**Your task:**
Output the full set of records exactly.

Saved entries
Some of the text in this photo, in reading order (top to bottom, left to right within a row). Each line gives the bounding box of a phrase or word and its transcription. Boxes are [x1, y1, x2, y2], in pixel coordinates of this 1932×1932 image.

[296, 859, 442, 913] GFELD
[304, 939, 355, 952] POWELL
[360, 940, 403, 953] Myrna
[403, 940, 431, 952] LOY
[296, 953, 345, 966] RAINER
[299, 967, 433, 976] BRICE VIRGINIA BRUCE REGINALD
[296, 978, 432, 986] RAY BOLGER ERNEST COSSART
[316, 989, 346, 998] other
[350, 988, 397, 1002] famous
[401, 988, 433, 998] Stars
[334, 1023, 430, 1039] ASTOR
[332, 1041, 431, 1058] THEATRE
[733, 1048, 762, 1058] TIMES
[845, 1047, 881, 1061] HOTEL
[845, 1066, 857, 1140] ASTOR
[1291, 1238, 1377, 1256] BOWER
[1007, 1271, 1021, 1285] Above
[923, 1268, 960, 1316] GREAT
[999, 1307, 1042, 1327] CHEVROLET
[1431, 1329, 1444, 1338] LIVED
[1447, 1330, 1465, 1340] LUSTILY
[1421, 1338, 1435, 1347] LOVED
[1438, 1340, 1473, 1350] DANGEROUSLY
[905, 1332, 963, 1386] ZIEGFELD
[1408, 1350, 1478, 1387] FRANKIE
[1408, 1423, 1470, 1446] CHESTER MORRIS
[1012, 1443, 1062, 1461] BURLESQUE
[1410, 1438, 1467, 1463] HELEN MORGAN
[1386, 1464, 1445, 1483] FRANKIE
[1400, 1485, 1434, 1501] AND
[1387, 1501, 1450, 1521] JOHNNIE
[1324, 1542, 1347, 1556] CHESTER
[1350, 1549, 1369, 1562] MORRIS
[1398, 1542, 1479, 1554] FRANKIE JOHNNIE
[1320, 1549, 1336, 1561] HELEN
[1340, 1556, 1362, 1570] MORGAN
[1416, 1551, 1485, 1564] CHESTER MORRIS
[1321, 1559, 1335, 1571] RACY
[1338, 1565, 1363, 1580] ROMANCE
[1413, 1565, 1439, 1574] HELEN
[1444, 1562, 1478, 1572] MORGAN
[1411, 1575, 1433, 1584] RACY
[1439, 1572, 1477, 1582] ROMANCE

**Response to this exercise:**
Some of the text in this photo, in reading order (top to bottom, left to right within a row). Each line gives the bounding box of a phrase or word and its transcription. Boxes are [x1, y1, x2, y2], in pixel coordinates of this 1932×1932 image.

[296, 859, 442, 913] GFELD
[304, 939, 355, 952] POWELL
[360, 940, 403, 953] Myrna
[403, 940, 431, 952] LOY
[296, 953, 345, 966] RAINER
[299, 967, 433, 976] BRICE VIRGINIA BRUCE REGINALD
[296, 978, 432, 986] RAY BOLGER ERNEST COSSART
[316, 989, 346, 998] other
[350, 988, 397, 1002] famous
[401, 988, 433, 998] Stars
[334, 1023, 430, 1039] ASTOR
[332, 1041, 431, 1058] THEATRE
[733, 1048, 762, 1058] TIMES
[845, 1047, 881, 1061] HOTEL
[845, 1066, 857, 1140] ASTOR
[1291, 1238, 1377, 1256] BOWER
[1007, 1271, 1021, 1285] Above
[923, 1268, 960, 1316] GREAT
[999, 1307, 1042, 1327] CHEVROLET
[1431, 1329, 1444, 1338] LIVED
[1447, 1330, 1465, 1340] LUSTILY
[1421, 1338, 1435, 1347] LOVED
[1438, 1340, 1473, 1350] DANGEROUSLY
[905, 1332, 963, 1386] ZIEGFELD
[1408, 1350, 1478, 1387] FRANKIE
[1408, 1423, 1470, 1446] CHESTER MORRIS
[1012, 1443, 1062, 1461] BURLESQUE
[1410, 1438, 1467, 1463] HELEN MORGAN
[1386, 1464, 1445, 1483] FRANKIE
[1400, 1485, 1434, 1501] AND
[1387, 1501, 1450, 1521] JOHNNIE
[1324, 1542, 1347, 1556] CHESTER
[1350, 1549, 1369, 1562] MORRIS
[1398, 1542, 1479, 1554] FRANKIE JOHNNIE
[1320, 1549, 1336, 1561] HELEN
[1340, 1556, 1362, 1570] MORGAN
[1416, 1551, 1485, 1564] CHESTER MORRIS
[1321, 1559, 1335, 1571] RACY
[1338, 1565, 1363, 1580] ROMANCE
[1413, 1565, 1439, 1574] HELEN
[1444, 1562, 1478, 1572] MORGAN
[1411, 1575, 1433, 1584] RACY
[1439, 1572, 1477, 1582] ROMANCE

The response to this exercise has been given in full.